<<<<

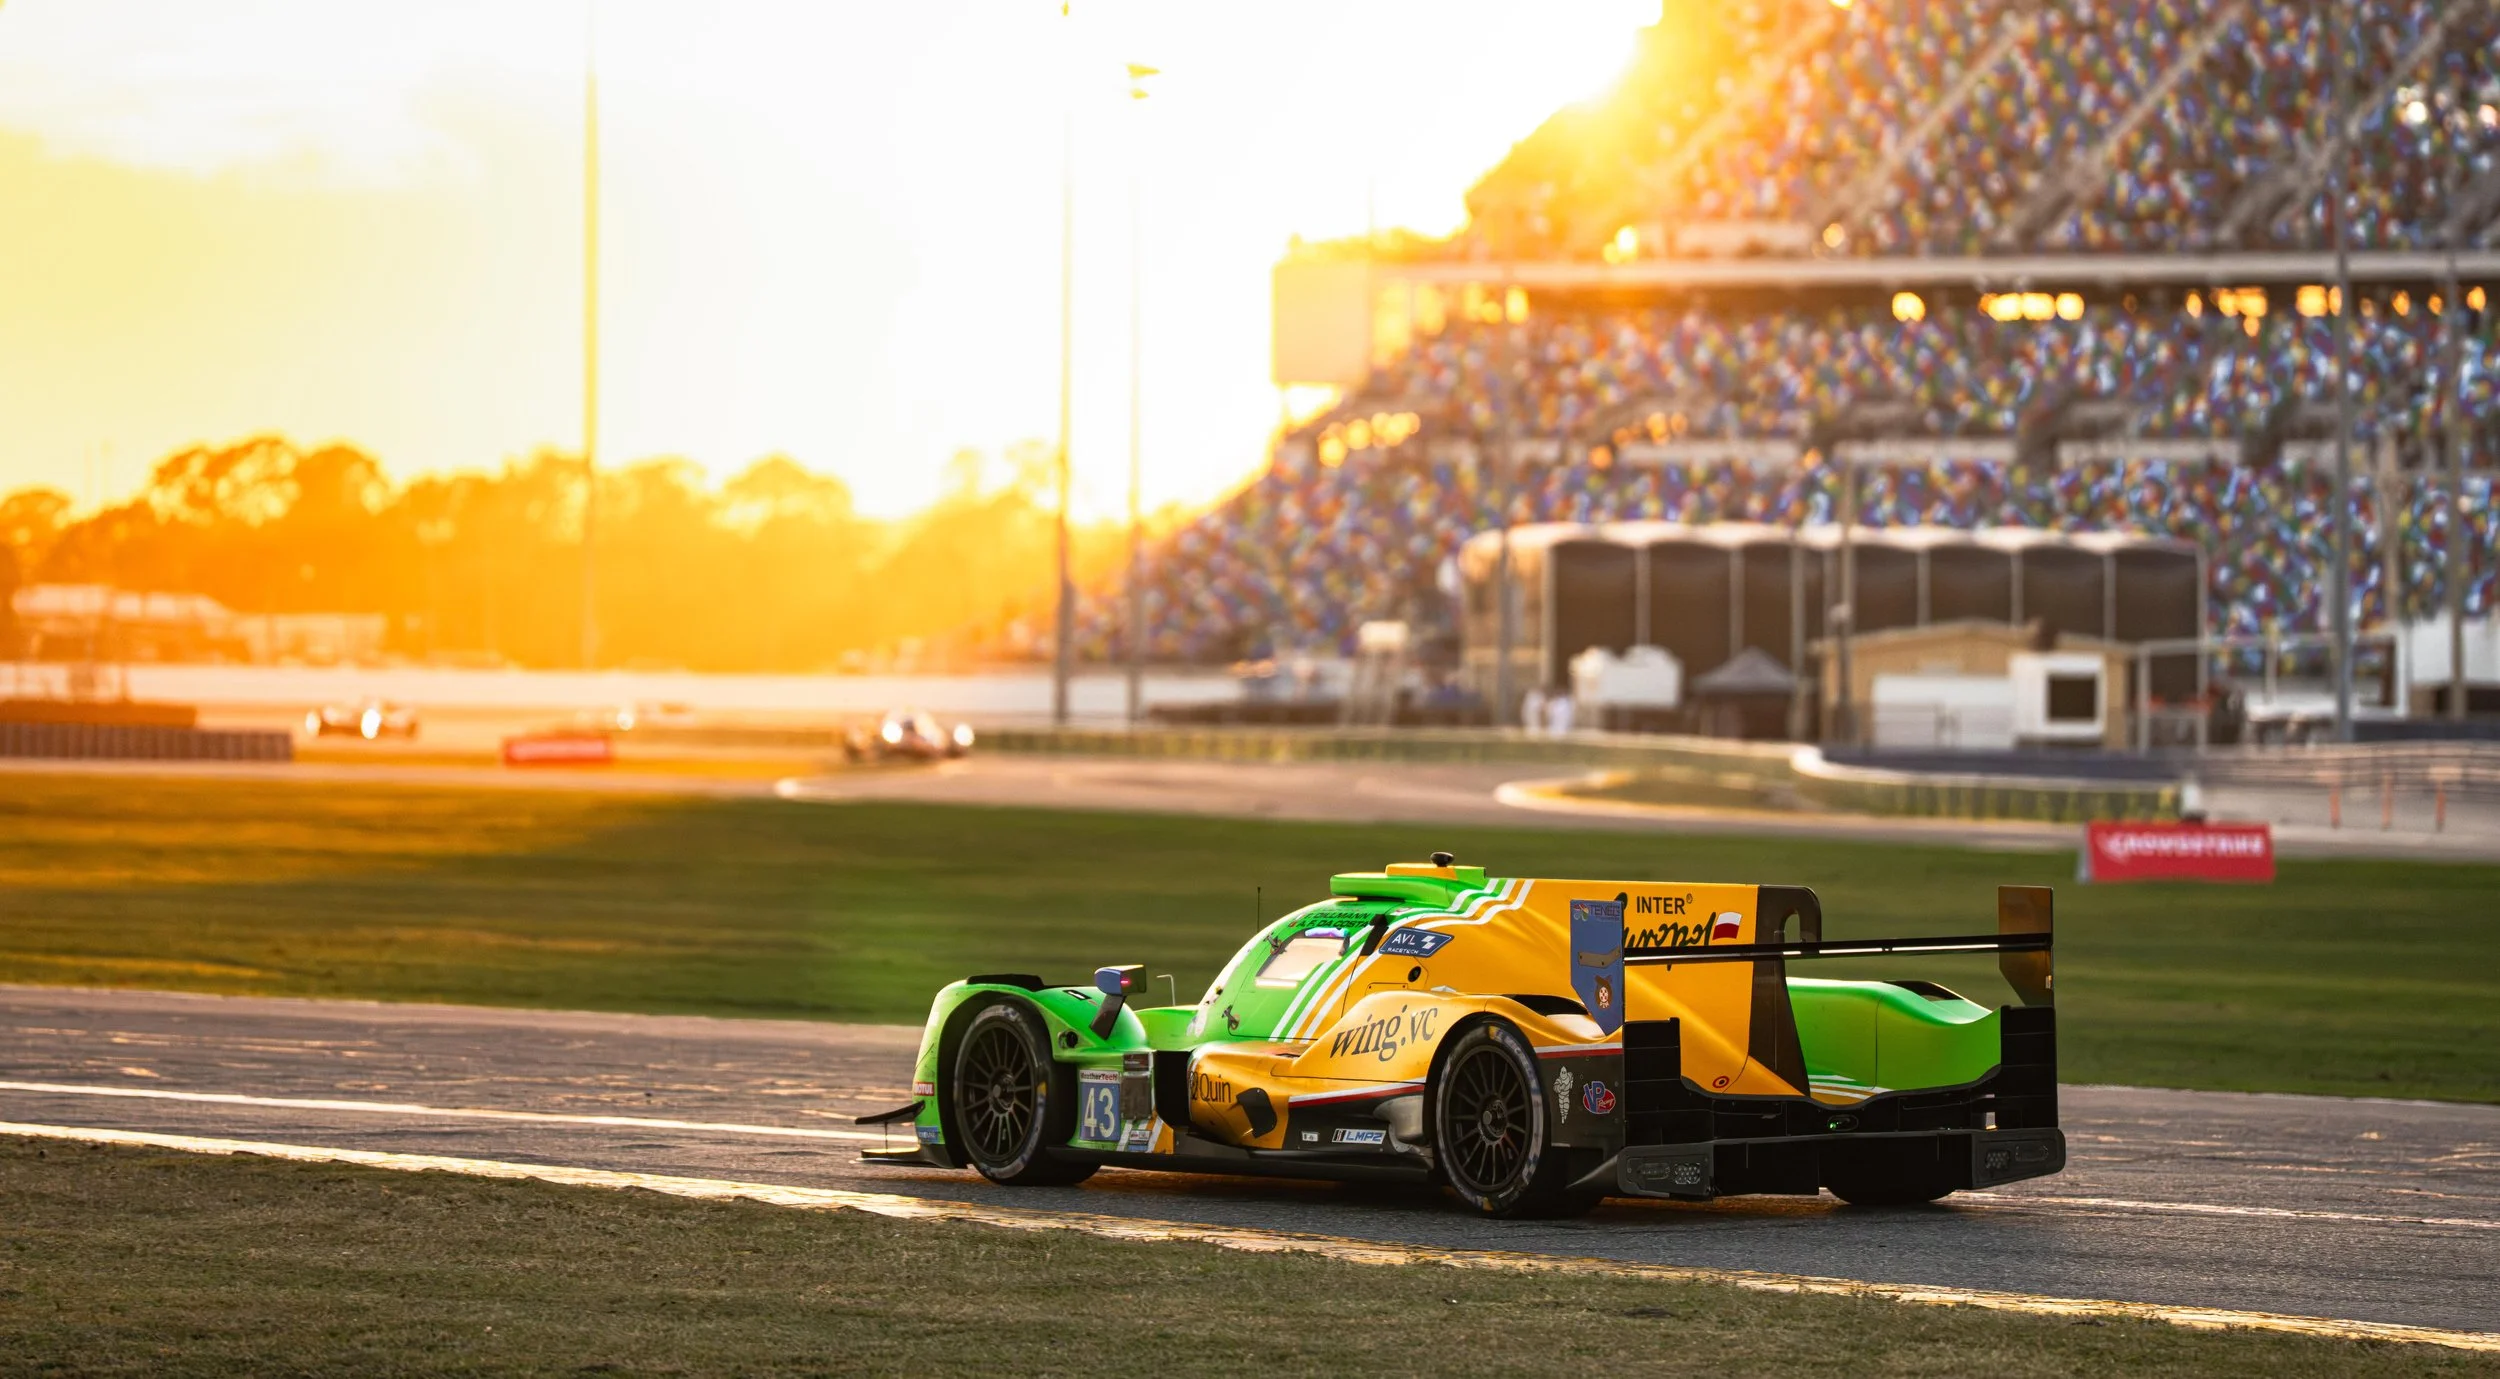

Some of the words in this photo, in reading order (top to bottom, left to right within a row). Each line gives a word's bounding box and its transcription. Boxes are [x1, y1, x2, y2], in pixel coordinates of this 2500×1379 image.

[1636, 895, 1686, 915] INTER
[1391, 933, 1416, 946] AVL
[1084, 1087, 1115, 1138] 43
[1346, 1131, 1382, 1141] LMP2

>>>>

**Instructions to follow**: All of the material above is to be copied exactly, except for its images.

**Written solution**:
Some of the words in this photo, in reading order (top to bottom, left to right within a row). Each line gives a word's bounding box and its transcription. Boxes are [x1, y1, x2, y2], in pixel coordinates of this 2500×1379 image.

[1636, 895, 1686, 915] INTER
[1391, 933, 1416, 946] AVL
[1084, 1087, 1115, 1138] 43
[1346, 1131, 1382, 1141] LMP2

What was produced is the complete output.